Avec sa plume, qu’elle tient bien en main sur la photo de l’album, elle affiche d’emblée son identité d’auteure. Avec sa voix, aux échos de Barbara et de Renée Claude, elle ne laisse aucun doute sur ses repères en matière de chanson.

Avec le titre de ce second opus, Variations en femme majeure (Productions Abondance/Distribution APCM), elle souligne (si cela était nécessaire) la dimension foncièrement «adulte» de sa démarche.

Autant dire que Josette Noreau, qui est originaire de Québec mais habite maintenant la région d’Ottawa, n’hésite pas à fixer très haut la barre, quitte à revendiquer une idée de la chanson que certains qualifieraient de révolue.

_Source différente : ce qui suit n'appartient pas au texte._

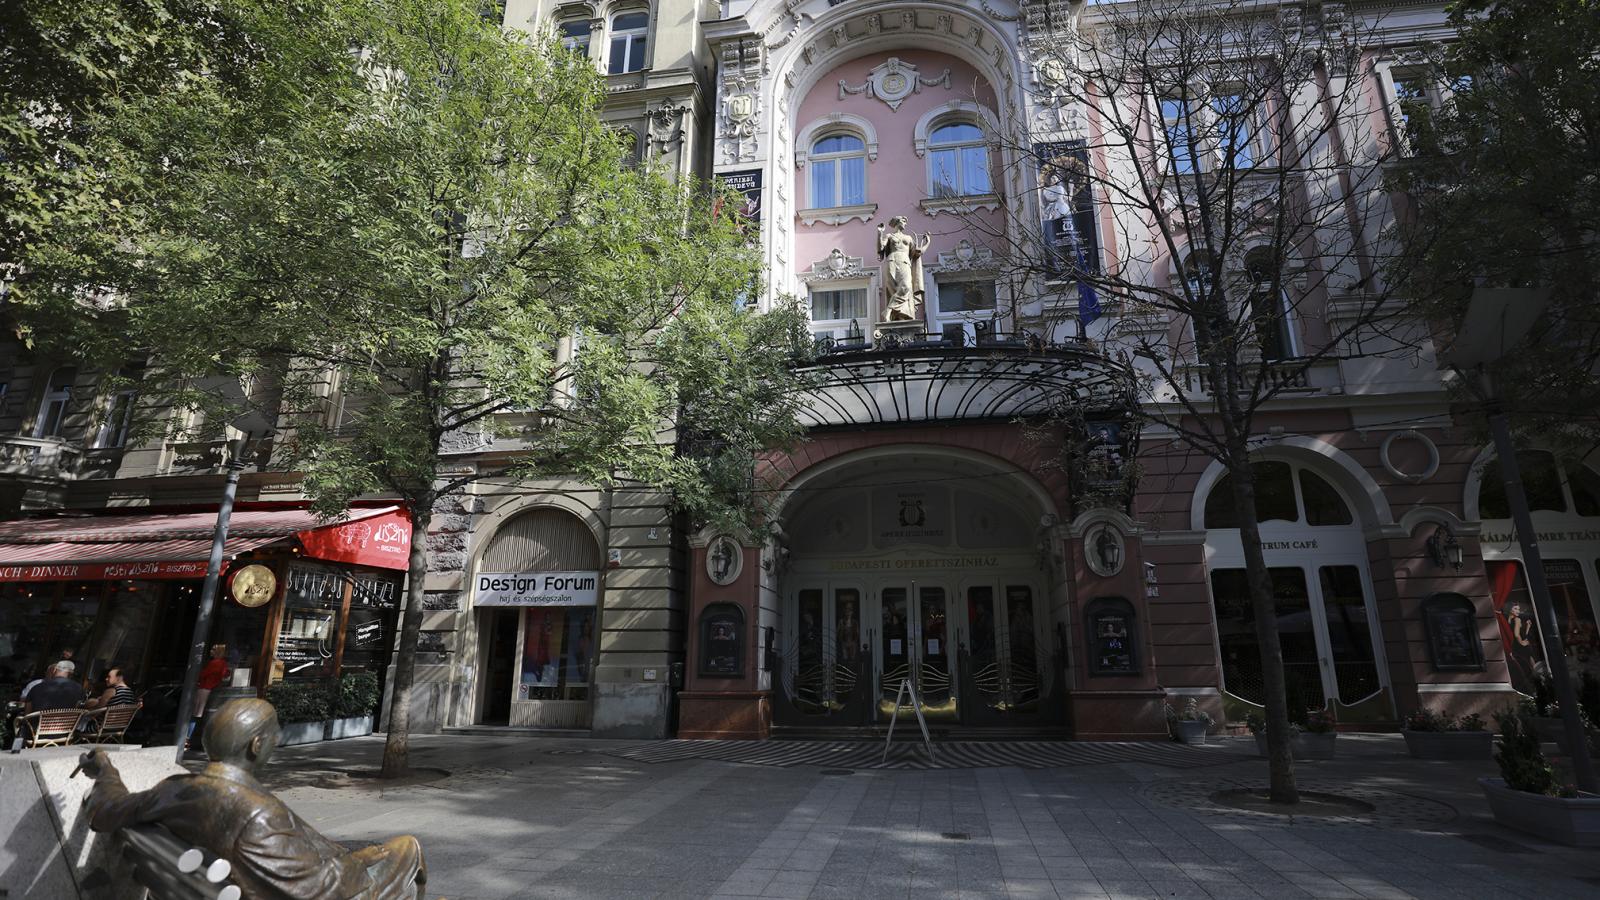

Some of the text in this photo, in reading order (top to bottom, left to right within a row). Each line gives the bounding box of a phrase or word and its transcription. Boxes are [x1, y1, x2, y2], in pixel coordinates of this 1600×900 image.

[1480, 531, 1520, 542] KÁLMÁ
[1538, 532, 1567, 541] MRE
[1261, 538, 1318, 550] TRUM CAFÉ
[831, 560, 890, 570] BUDAPESTI
[31, 566, 79, 577] DINNER
[480, 574, 594, 595] Design Forum
[499, 595, 511, 604] haj
[523, 594, 572, 604] szépségszalon

Et il faut admettre que le très «barbaresque» Choisir d’aimer, le premier titre de l’album, propose un solide argument en faveur de ces textes-fleuves, finement ciselés et parcourus de formules qui nous interpellent (« Choisir d’aimer/C’est laisser passer la foudre/Se déchirer et se recoudre»).

Fruit du travail d’un groupe d’écriture qu’elle a fondé en 2000, l’œuvre de Noreau reflète une sensibilité d’orfèvre trop souvent absente de la chanson contemporaine, mais comme c’est souvent le cas d’artistes qui remettent cent fois sur le métier leur copie, il y a parfois quelque chose de forcé dans cette plume, et des titres comme Mes couleurs ou Les mots nous font l’effet d’exercices de style en proie à un excès de zèle.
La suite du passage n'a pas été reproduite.